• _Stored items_
╔══
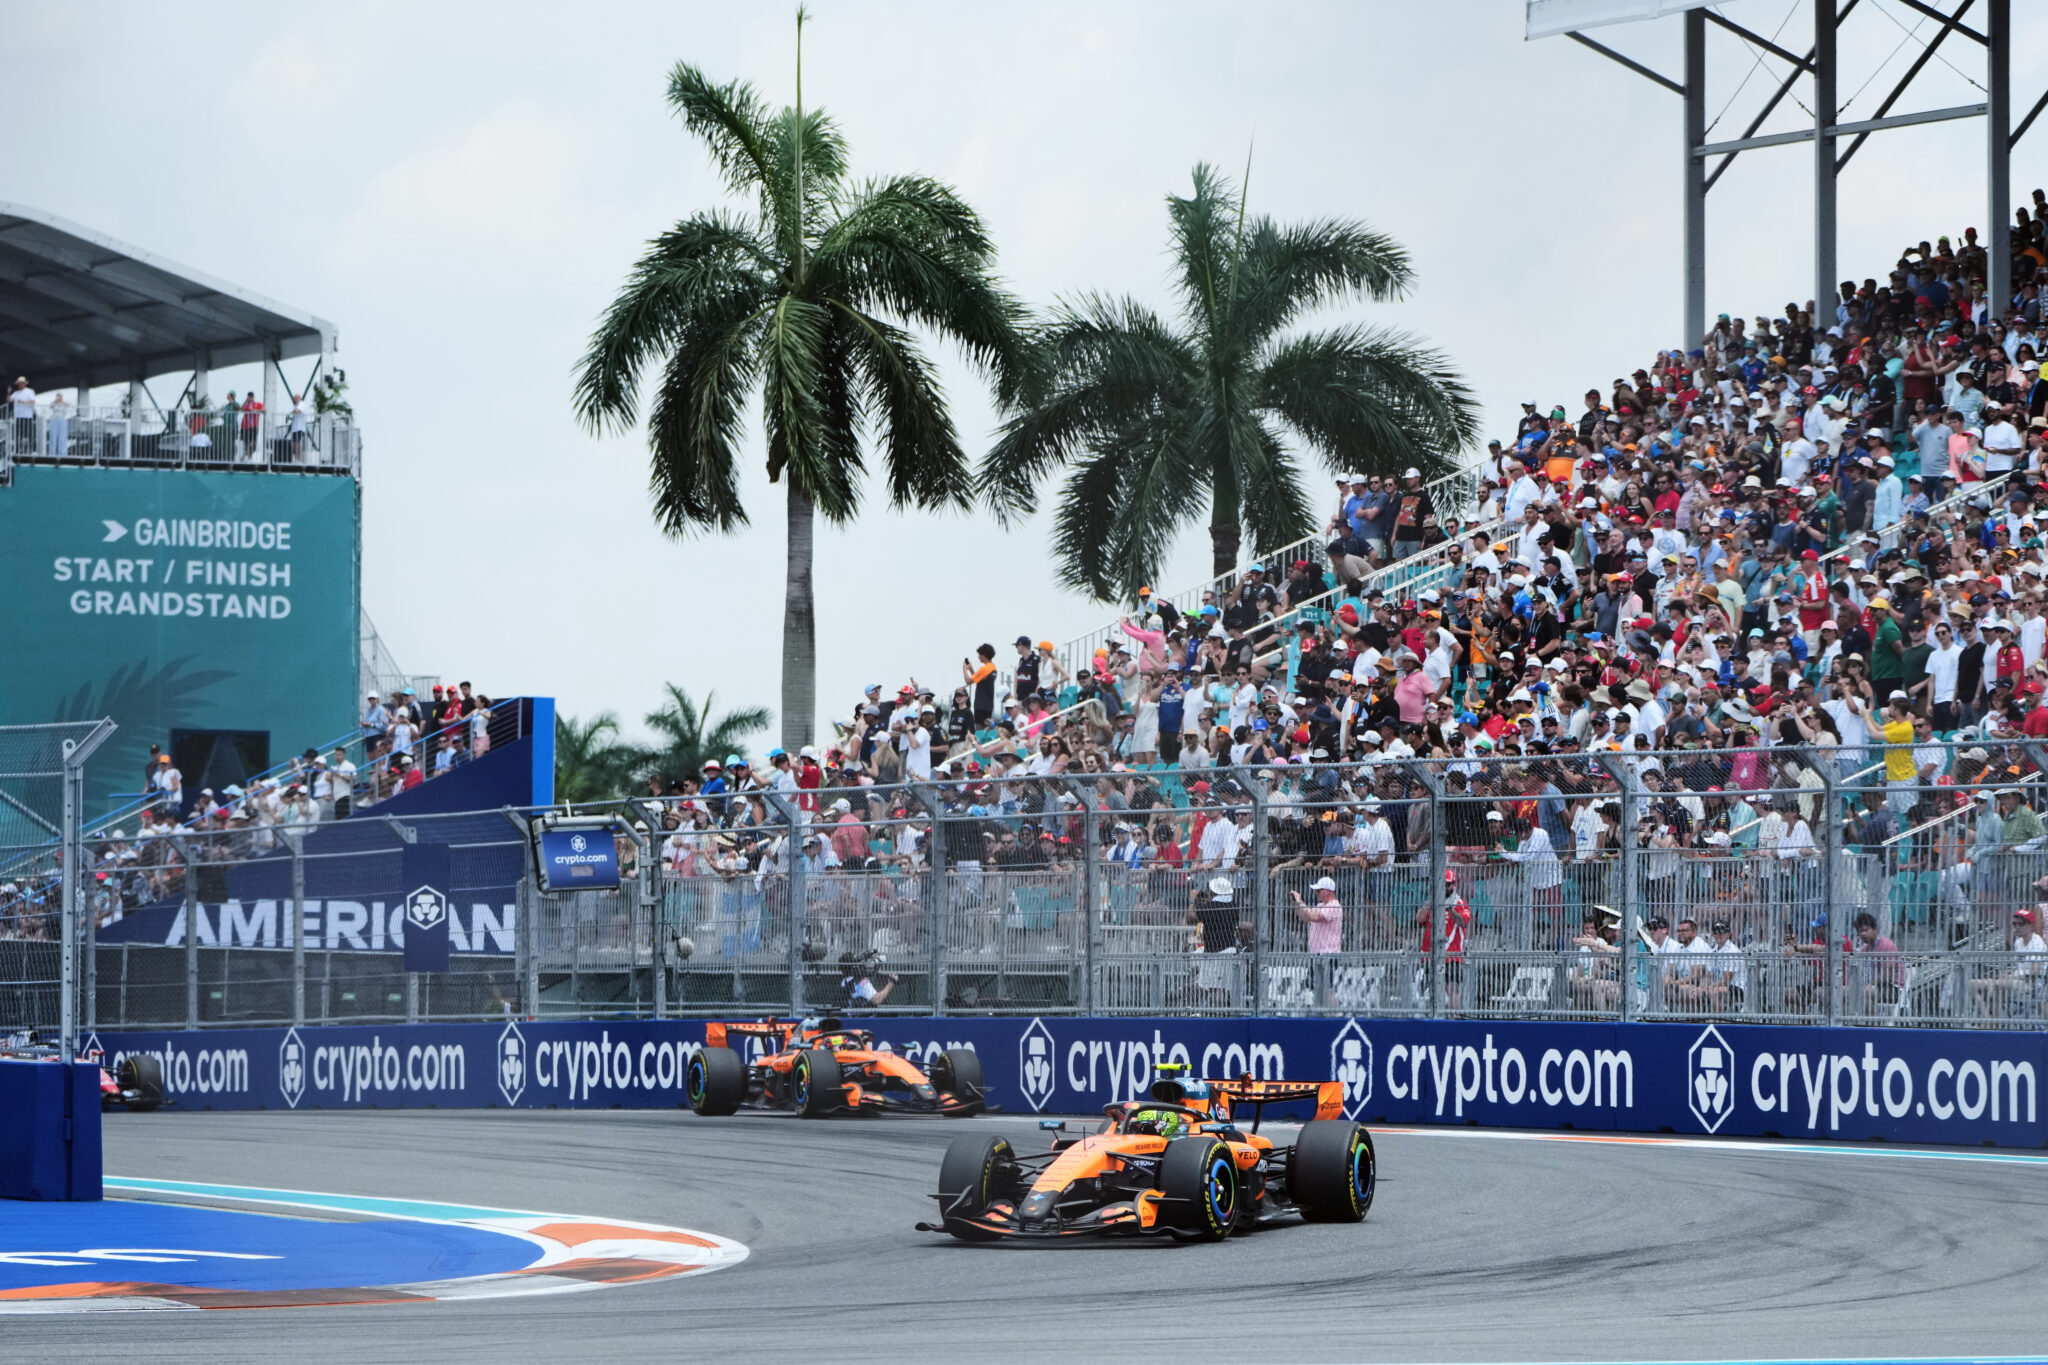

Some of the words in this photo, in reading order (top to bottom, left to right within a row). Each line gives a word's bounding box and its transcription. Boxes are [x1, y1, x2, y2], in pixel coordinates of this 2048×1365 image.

[134, 518, 291, 550] GAINBRIDGE
[53, 556, 153, 583] START
[164, 559, 175, 584] /
[186, 559, 291, 587] FINISH
[70, 589, 291, 619] GRANDSTAND
[554, 853, 608, 866] crypto.com
[112, 1040, 249, 1094] cto.com
[313, 1035, 466, 1102] crypto.com
[535, 1030, 702, 1100] crypto.com
[1067, 1029, 1285, 1103] cryptocom
[1386, 1033, 1633, 1117] crypto.com
[1751, 1042, 2037, 1131] crypto.com
[1237, 1151, 1258, 1160] VELO
╚══
• _What to work on_
Once the pictures are removed, set down what remains of the entries above exactly.

• _Response box_
Some of the words in this photo, in reading order (top to bottom, left to right within a row). Each line gives a word's bounding box and its transcription. Boxes are [x1, y1, x2, y2], in pixel coordinates of this 2048×1365 image.

[134, 518, 291, 550] GAINBRIDGE
[53, 556, 153, 583] START
[164, 559, 175, 584] /
[186, 559, 291, 587] FINISH
[70, 589, 291, 619] GRANDSTAND
[554, 853, 608, 866] crypto.com
[112, 1040, 249, 1094] cto.com
[313, 1035, 466, 1102] crypto.com
[535, 1030, 702, 1100] crypto.com
[1067, 1029, 1285, 1103] cryptocom
[1386, 1033, 1633, 1117] crypto.com
[1751, 1042, 2037, 1131] crypto.com
[1237, 1151, 1258, 1160] VELO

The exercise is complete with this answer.